BEGIN Input records
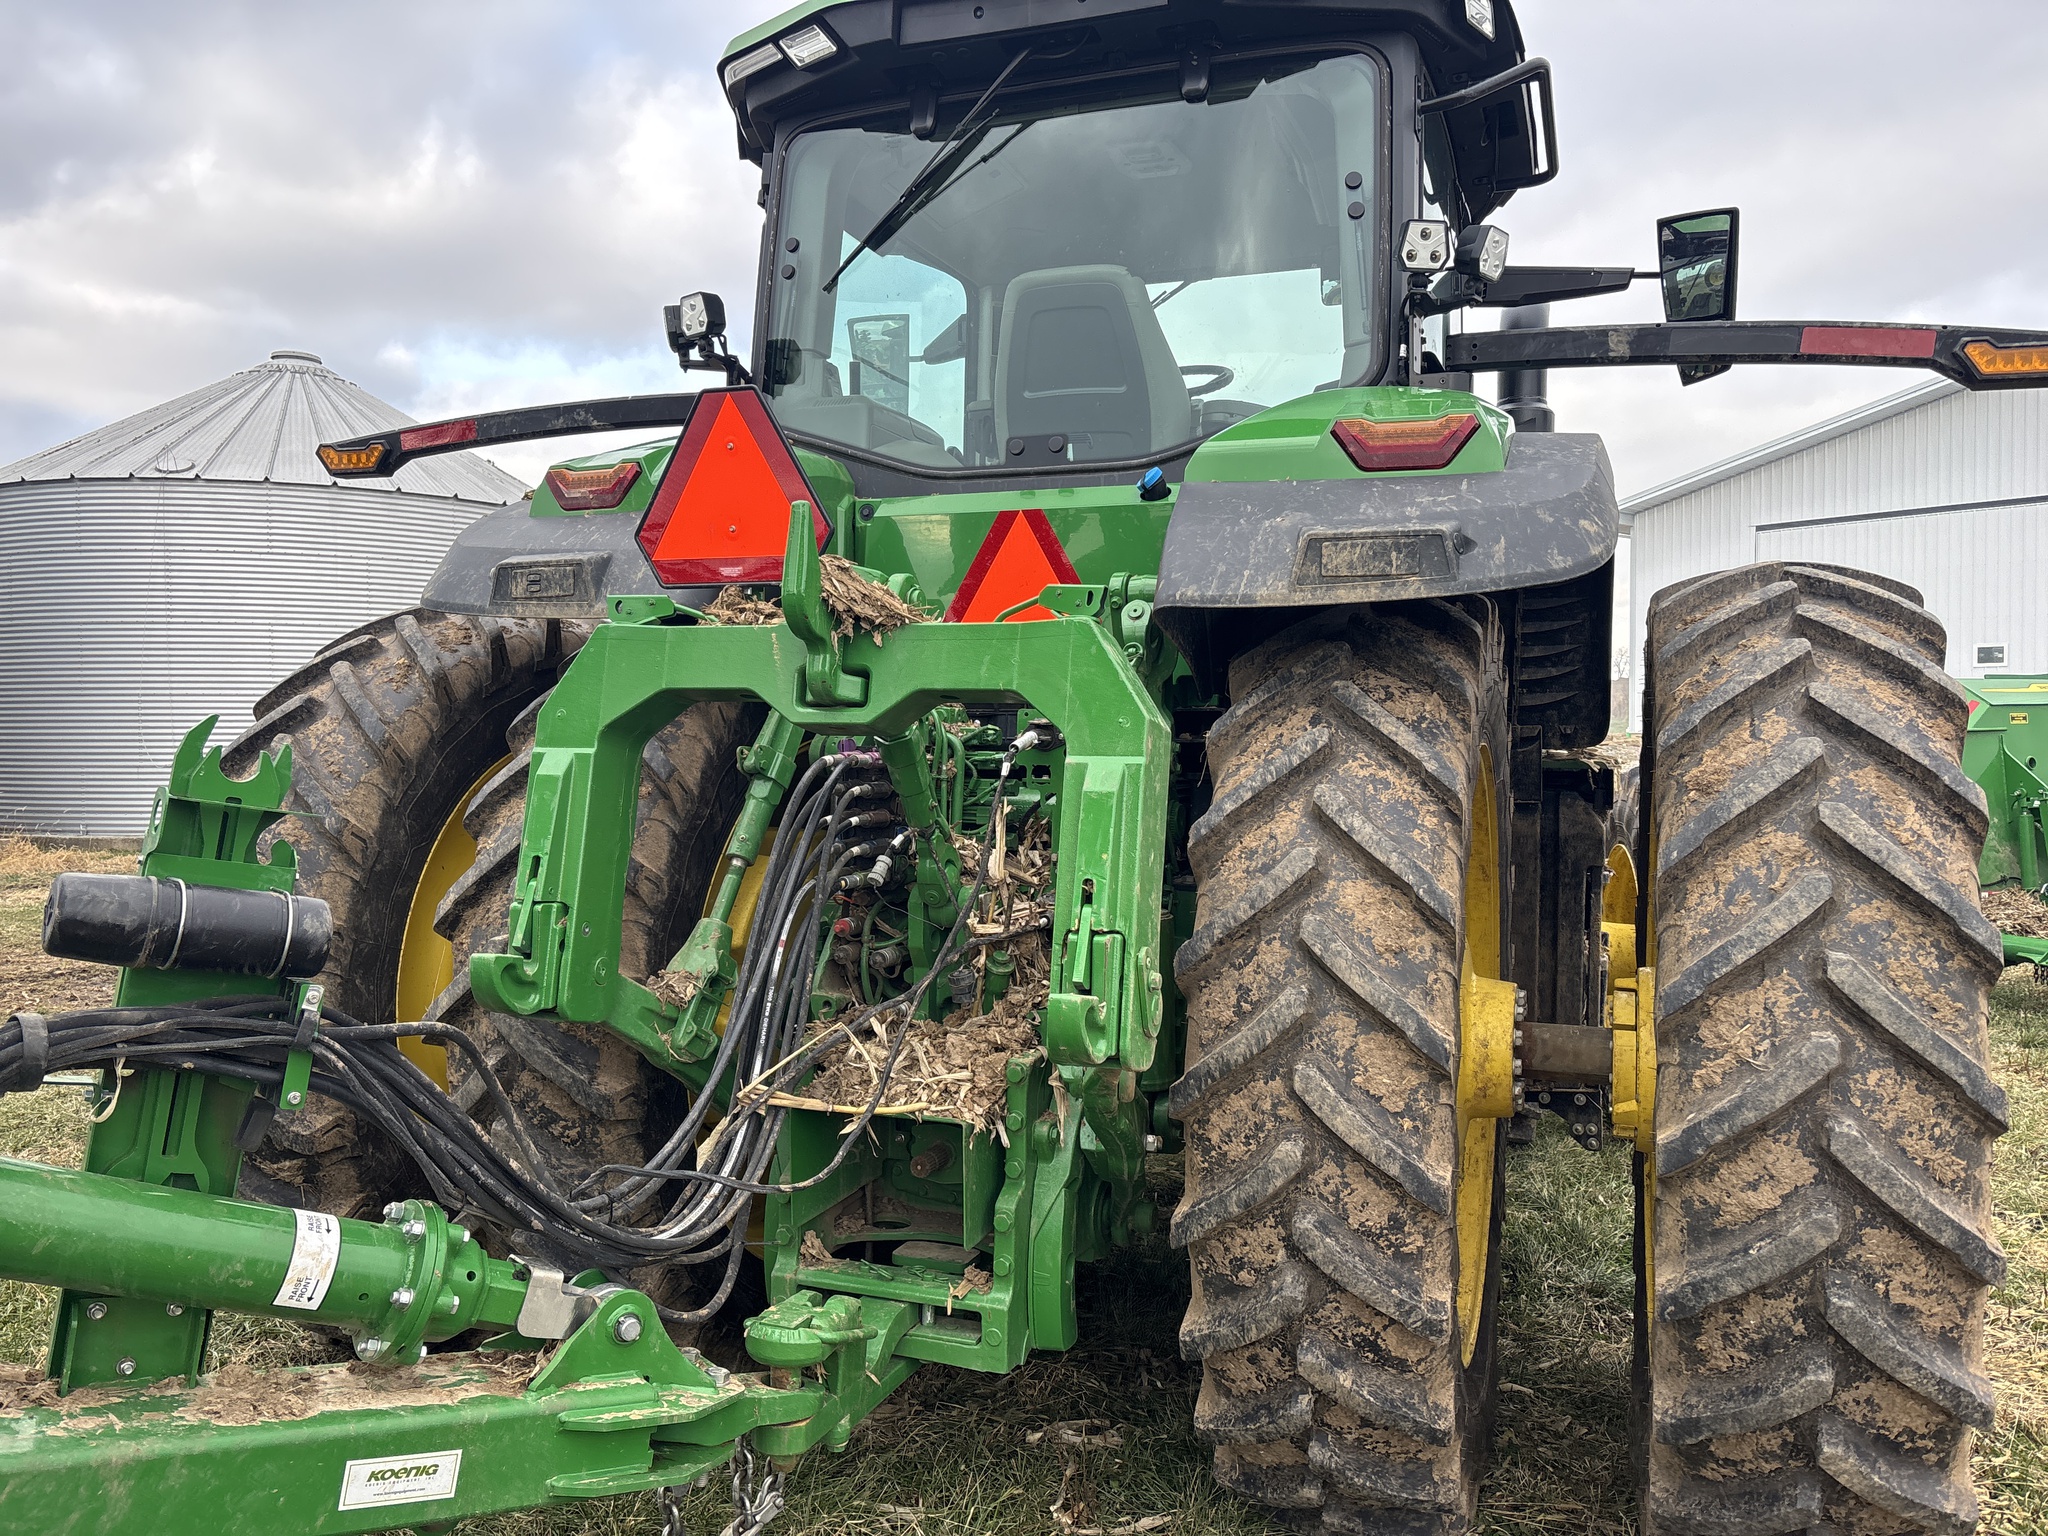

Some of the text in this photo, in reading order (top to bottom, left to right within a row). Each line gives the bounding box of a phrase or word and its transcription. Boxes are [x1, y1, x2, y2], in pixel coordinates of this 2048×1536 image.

[306, 1215, 314, 1231] RAISE
[313, 1215, 323, 1233] FRONT
[288, 1277, 304, 1301] RAISE
[295, 1275, 312, 1303] FRONT
END Input records
- _Task details_
Write down all the entries exactly, but not the pictures they hold.

- _Result below_
Some of the text in this photo, in reading order (top to bottom, left to right within a row). Each line gives the bounding box of a phrase or word and its transcription. Boxes are [x1, y1, x2, y2], in pixel coordinates of this 2048×1536 image.

[306, 1215, 314, 1231] RAISE
[313, 1215, 323, 1233] FRONT
[288, 1277, 304, 1301] RAISE
[295, 1275, 312, 1303] FRONT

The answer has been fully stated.